**Task item**
Each line below is to be repeated exactly; any picture is to be left out.
──────── Material for this task
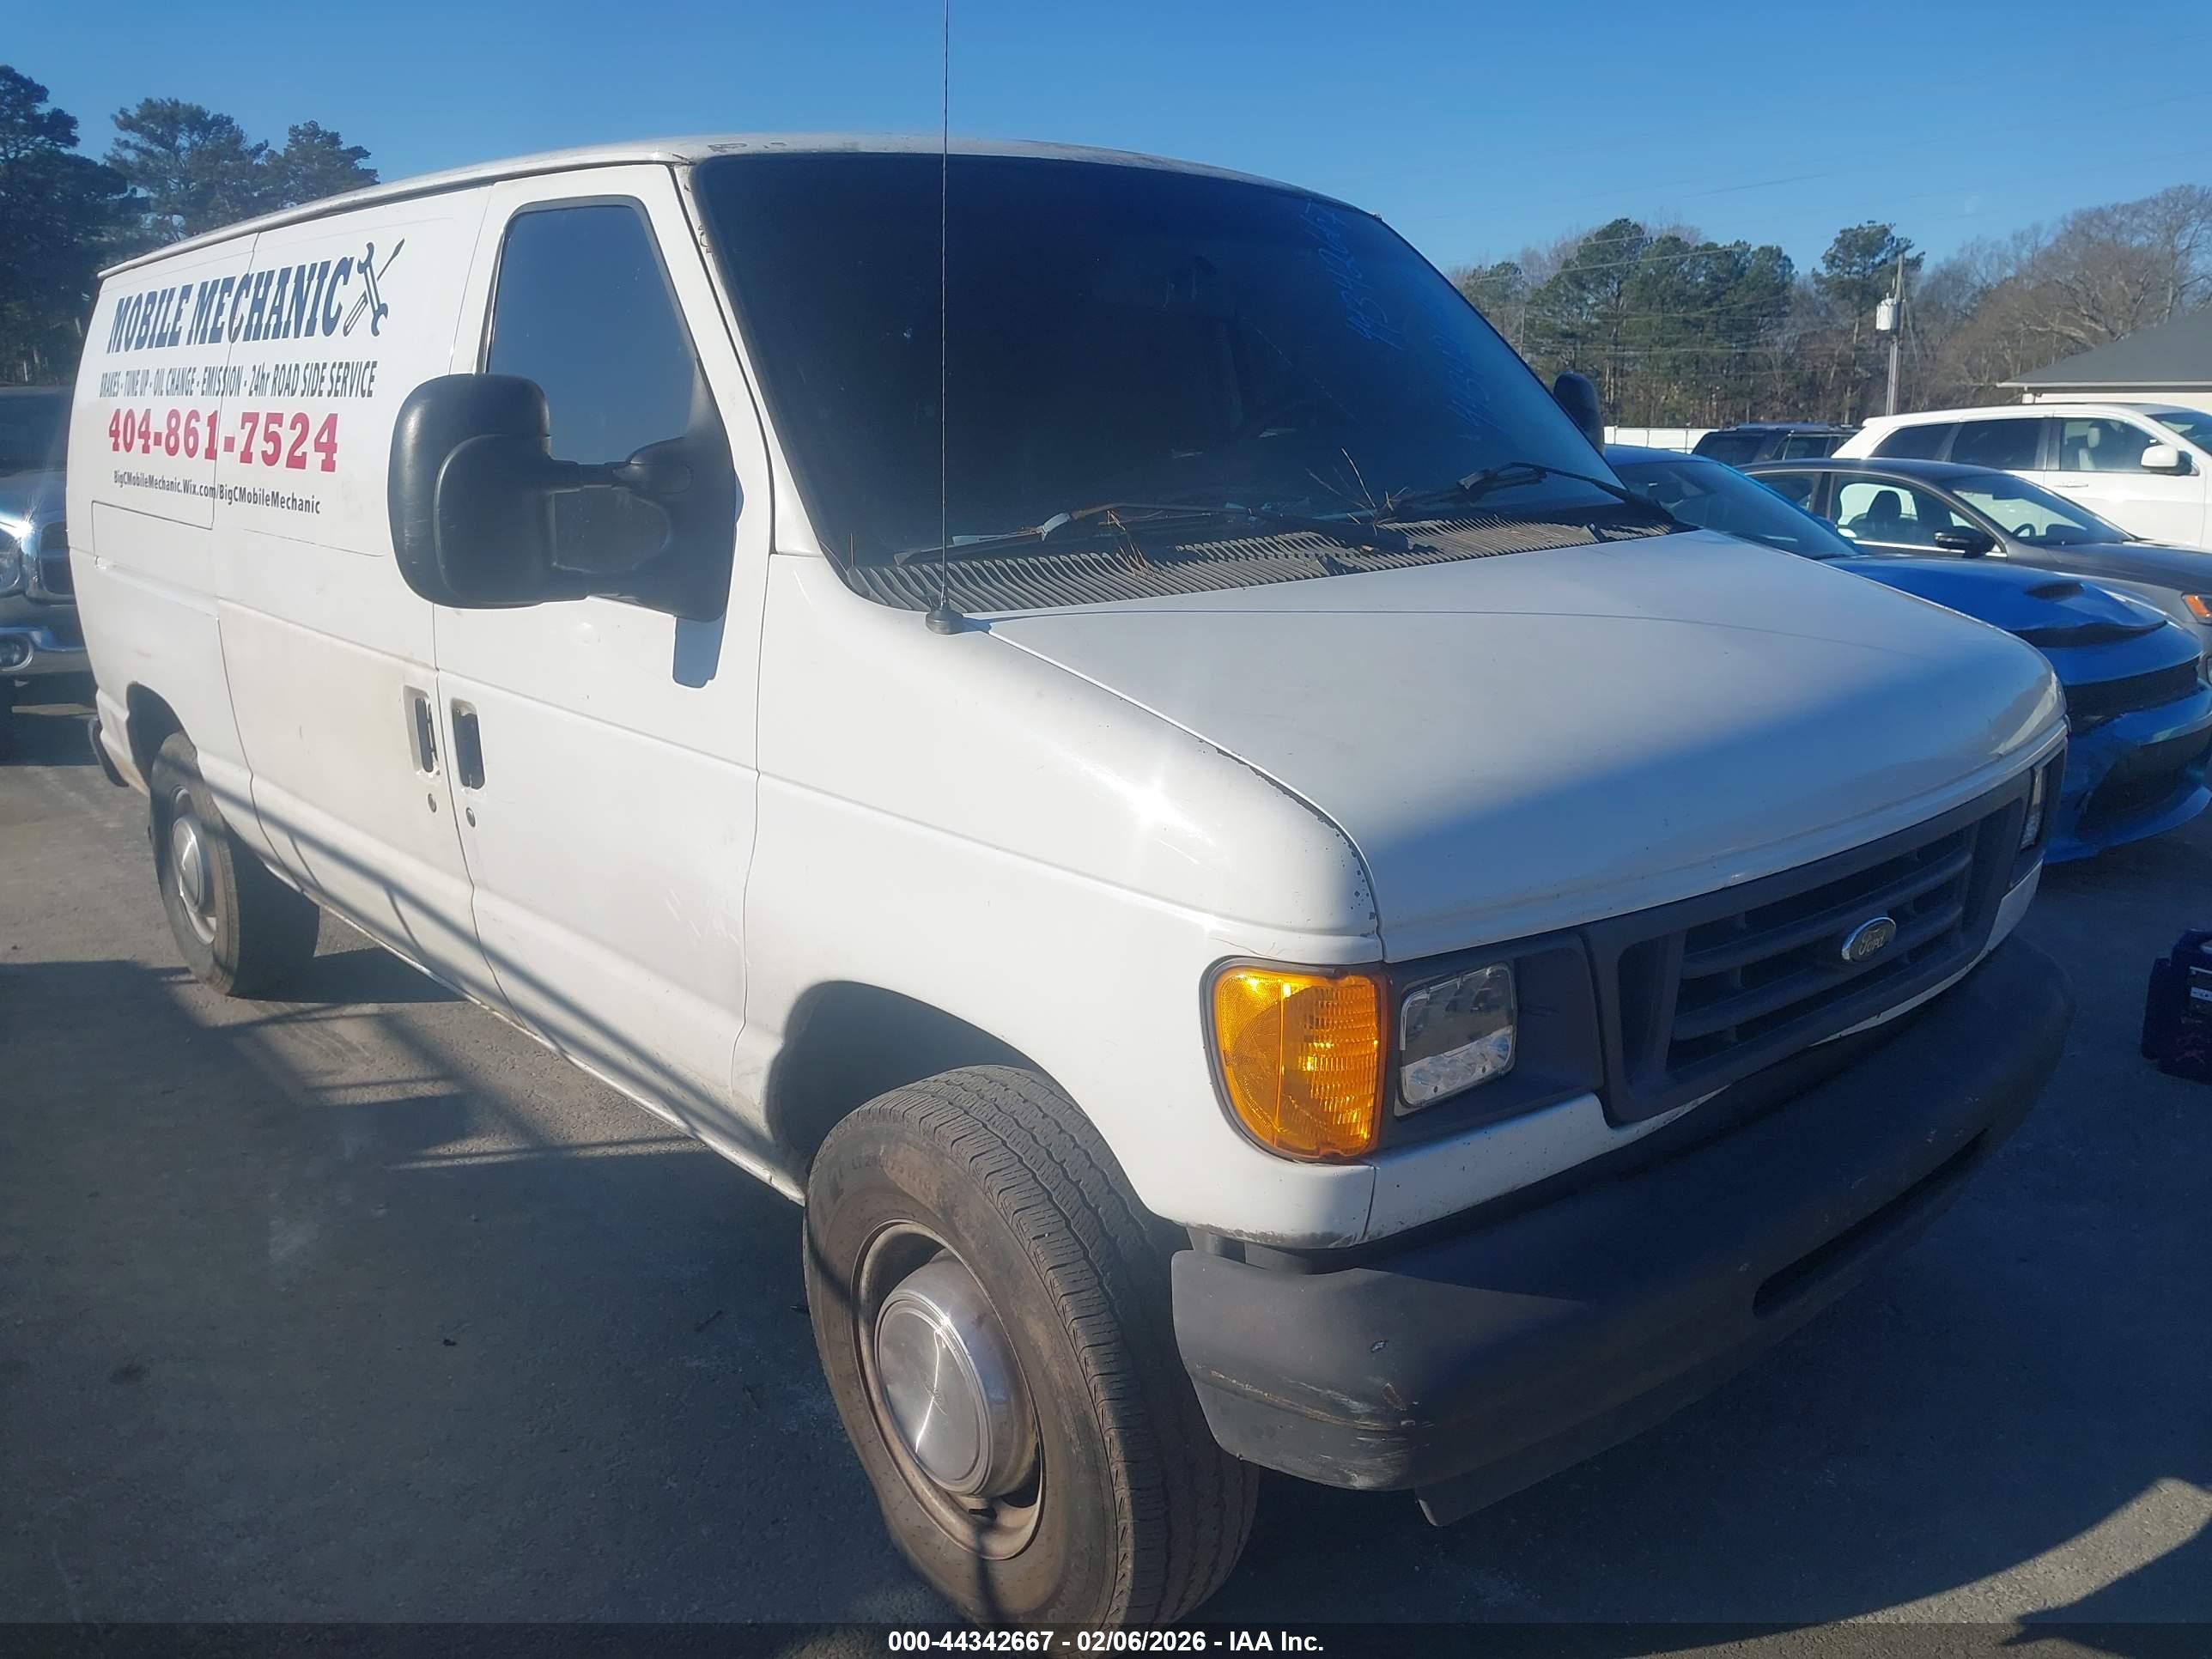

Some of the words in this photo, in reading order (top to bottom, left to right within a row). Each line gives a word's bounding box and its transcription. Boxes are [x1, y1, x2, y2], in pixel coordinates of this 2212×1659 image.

[106, 283, 194, 354] MOBILE
[185, 256, 355, 345] MECHANIC
[99, 371, 122, 398] BRAKES
[124, 370, 141, 398] TUNE
[139, 369, 150, 398] UP
[154, 368, 165, 397] OIL
[166, 367, 198, 397] CHANGE
[201, 365, 244, 398] EMISSION
[248, 362, 270, 398] 24hr
[270, 362, 301, 398] ROAD
[301, 362, 328, 398] SIDE
[327, 361, 378, 398] SERVICE
[108, 408, 338, 472] 404-861-7524
────────────────
**Output below**
Some of the words in this photo, in reading order (top to bottom, left to right within a row). Each line gives a word's bounding box and its transcription. Boxes are [x1, y1, x2, y2], in pixel coordinates of this 2212×1659 image.

[106, 283, 194, 354] MOBILE
[185, 256, 355, 345] MECHANIC
[99, 371, 122, 398] BRAKES
[124, 370, 141, 398] TUNE
[139, 369, 150, 398] UP
[154, 368, 165, 397] OIL
[166, 367, 198, 397] CHANGE
[201, 365, 244, 398] EMISSION
[248, 362, 270, 398] 24hr
[270, 362, 301, 398] ROAD
[301, 362, 328, 398] SIDE
[327, 361, 378, 398] SERVICE
[108, 408, 338, 472] 404-861-7524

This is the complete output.